Because of the hardships faced by the people of Germany after World War I with the wild inflation and reparations, it was easy for politicians and demagogues to look for scapegoats and make “moral” rationalizations that the hated people had cheated the “normal” people. So Hitler could make up an argument that the Jews had, with an intellectual “snobbery,” harmed the integrity of the “Folkish” German people. At the same time, the Nazis were inventing racial theories, with no conceivable scientific foundation, that the Jews were essentially like an alien species, inferior and constituted a biological “enemy.” Furthermore, the Nazis developed the idea that only the "State" can establish what is virtuous and beautiful (that is, the "state" becomes like "Allah" or "Jehovah"), and that individuals may not do this on their own. This ideology does not make sense today, but it did appeal to emotions of the times, where people had limited information. One of the most amazing things about the Nazi reign of terror and buildup was the propaganda and manipulation of information that the people could receive. The pogrom would follow. Near the theater, the museum shows pictures of book burnings, “Fahrenheit 451” style. The conclusion of the film covers the rapid elimination of Jews from all visible areas of German society, leading up to the deportations to concentration camps. Two-thirds of the Jewish population in Europe would be murdered, a episode of genocide unprecendented im history. Other areas of the museum show similar treatment of other groups, especially homosexuals. It would be interesting to watch the Charley Chaplin United Artists film "The Great Dictator", made in 1940, and see how the ideology could be manipulated with deception.

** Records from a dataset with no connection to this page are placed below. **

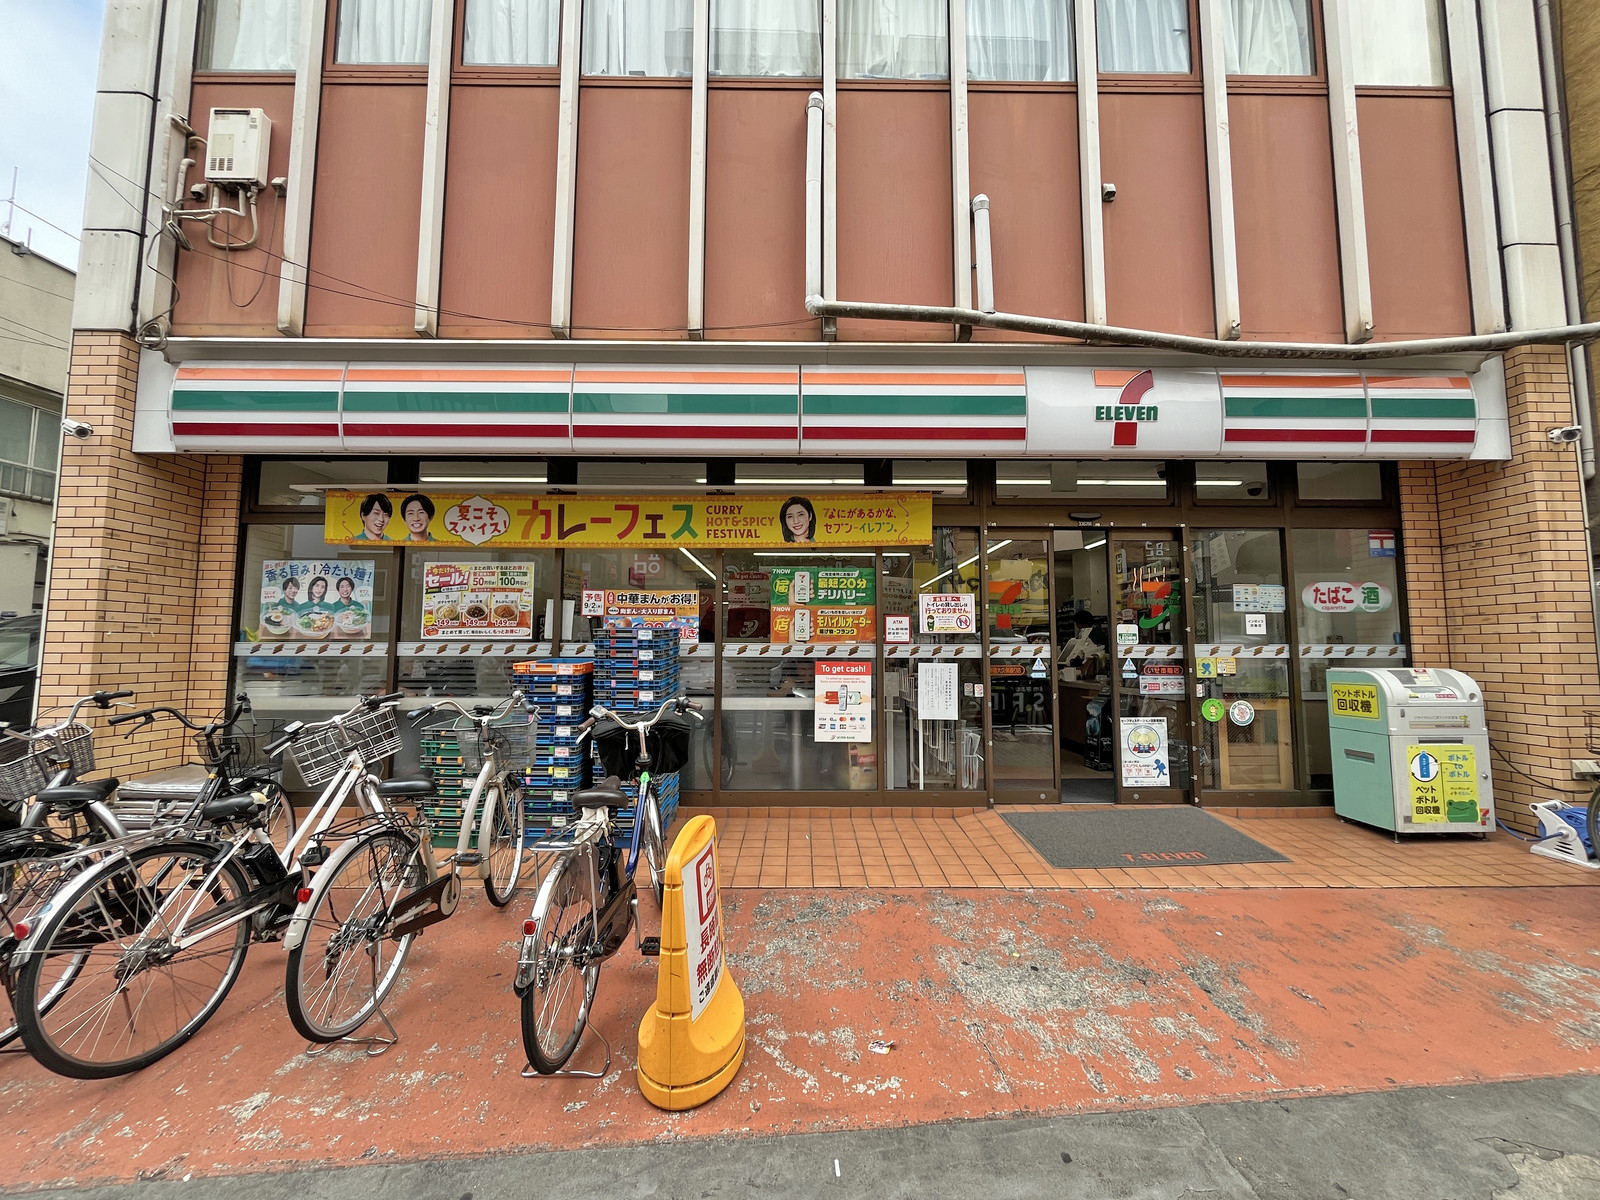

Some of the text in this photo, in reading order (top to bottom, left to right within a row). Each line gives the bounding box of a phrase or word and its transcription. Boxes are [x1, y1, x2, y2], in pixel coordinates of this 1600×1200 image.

[458, 505, 499, 521] 夏こそ
[706, 505, 743, 515] CURRY
[517, 499, 699, 541] カレーフェス
[706, 516, 775, 529] HOT&SPICY
[449, 520, 508, 535] スパイス!
[706, 528, 761, 540] FESTIVAL
[426, 571, 470, 588] セール!
[818, 578, 867, 589] 最短20分
[585, 594, 602, 602] 予告
[617, 593, 697, 605] 中華まんがお得!
[818, 589, 866, 600] デリバリー
[1313, 586, 1380, 605] たばこ 酒
[817, 616, 872, 627] モバイルオーダー
[821, 664, 830, 672] To
[831, 665, 844, 674] get
[1333, 689, 1376, 699] ペットボトル
[1337, 698, 1372, 713] 回収機
[1447, 754, 1469, 763] ボトル
[1449, 771, 1471, 780] ボトル
[1416, 785, 1436, 794] ペット
[1416, 796, 1438, 804] ボトル
[1416, 806, 1441, 815] 回収機

There is also a picture exhibit of the voyage of the St. Louis (or Saint Louis) (in 1939), which was to take many German Jews from Europe (Hamburg) to Cuba, but they were never allowed to land anywhere, not even by President Roosevelt (the Coast Guard kept them out of Florida). This story was the subject of the three-hour 1976 Avco-Embassy film “Voyage of the Damned,” directed by Stuart Rosenberg, boob by Gordon Thomas.
The middle floor shows “The Final Solution” and contains an audio theater of testimonials. A box car is shown, as are models of the camps and crematoriums. Auschwitz-Birkenau, which I visited in May 1999 (30 miles from Krakow, Poland, after a night train ride from Berlin) had over 200 “dormitory” buildings laid out in a grid. Prisoners, once arrived, were completely shaved, including their bodies, so that they could not look at themselves as distinguishable individuals.
The lower floor has another film, “Testimony”, which is shown in another theater on a digital video screen. The film consists of interviews of concentration camp survivors, and includes in some cases personal accounts of their liberation. Most of them expressed a determination to survive for the benefits of their families and their people, even though their own individualities had been effaced. The film is in color. I believe that much of this was shown on PBS in the 1990s.